** Opening RECORDS TO USE block **
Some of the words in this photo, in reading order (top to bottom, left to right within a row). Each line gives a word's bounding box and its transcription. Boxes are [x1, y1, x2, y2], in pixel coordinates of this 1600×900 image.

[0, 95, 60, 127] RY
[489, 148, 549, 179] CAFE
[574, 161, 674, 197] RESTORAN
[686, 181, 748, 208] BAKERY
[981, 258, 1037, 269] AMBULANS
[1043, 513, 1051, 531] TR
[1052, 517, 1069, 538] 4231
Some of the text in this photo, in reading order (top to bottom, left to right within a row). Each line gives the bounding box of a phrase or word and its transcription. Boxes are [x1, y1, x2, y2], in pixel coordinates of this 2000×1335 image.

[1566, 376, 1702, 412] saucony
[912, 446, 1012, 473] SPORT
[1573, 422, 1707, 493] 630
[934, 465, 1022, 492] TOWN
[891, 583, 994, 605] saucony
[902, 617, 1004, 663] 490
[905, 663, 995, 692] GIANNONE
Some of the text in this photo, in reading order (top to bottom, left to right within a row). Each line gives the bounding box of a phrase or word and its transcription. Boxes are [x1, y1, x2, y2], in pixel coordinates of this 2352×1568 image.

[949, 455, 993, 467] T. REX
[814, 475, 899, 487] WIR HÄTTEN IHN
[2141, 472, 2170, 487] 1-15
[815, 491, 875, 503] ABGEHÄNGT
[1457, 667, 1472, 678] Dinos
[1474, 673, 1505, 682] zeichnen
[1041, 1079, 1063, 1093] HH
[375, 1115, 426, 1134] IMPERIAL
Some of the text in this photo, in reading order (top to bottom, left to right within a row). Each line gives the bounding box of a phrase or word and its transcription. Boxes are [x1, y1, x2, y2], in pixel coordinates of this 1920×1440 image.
** Closing RECORDS TO USE block **
From the first line to the last, copy every record exactly.

Some of the words in this photo, in reading order (top to bottom, left to right within a row). Each line gives a word's bounding box and its transcription. Boxes are [x1, y1, x2, y2], in pixel coordinates of this 1600×900 image.

[0, 95, 60, 127] RY
[489, 148, 549, 179] CAFE
[574, 161, 674, 197] RESTORAN
[686, 181, 748, 208] BAKERY
[981, 258, 1037, 269] AMBULANS
[1043, 513, 1051, 531] TR
[1052, 517, 1069, 538] 4231
Some of the text in this photo, in reading order (top to bottom, left to right within a row). Each line gives the bounding box of a phrase or word and its transcription. Boxes are [x1, y1, x2, y2], in pixel coordinates of this 2000×1335 image.

[1566, 376, 1702, 412] saucony
[912, 446, 1012, 473] SPORT
[1573, 422, 1707, 493] 630
[934, 465, 1022, 492] TOWN
[891, 583, 994, 605] saucony
[902, 617, 1004, 663] 490
[905, 663, 995, 692] GIANNONE
Some of the text in this photo, in reading order (top to bottom, left to right within a row). Each line gives the bounding box of a phrase or word and its transcription. Boxes are [x1, y1, x2, y2], in pixel coordinates of this 2352×1568 image.

[949, 455, 993, 467] T. REX
[814, 475, 899, 487] WIR HÄTTEN IHN
[2141, 472, 2170, 487] 1-15
[815, 491, 875, 503] ABGEHÄNGT
[1457, 667, 1472, 678] Dinos
[1474, 673, 1505, 682] zeichnen
[1041, 1079, 1063, 1093] HH
[375, 1115, 426, 1134] IMPERIAL
Some of the text in this photo, in reading order (top to bottom, left to right within a row). Each line gives the bounding box of a phrase or word and its transcription. Boxes are [x1, y1, x2, y2], in pixel coordinates of this 1920×1440 image.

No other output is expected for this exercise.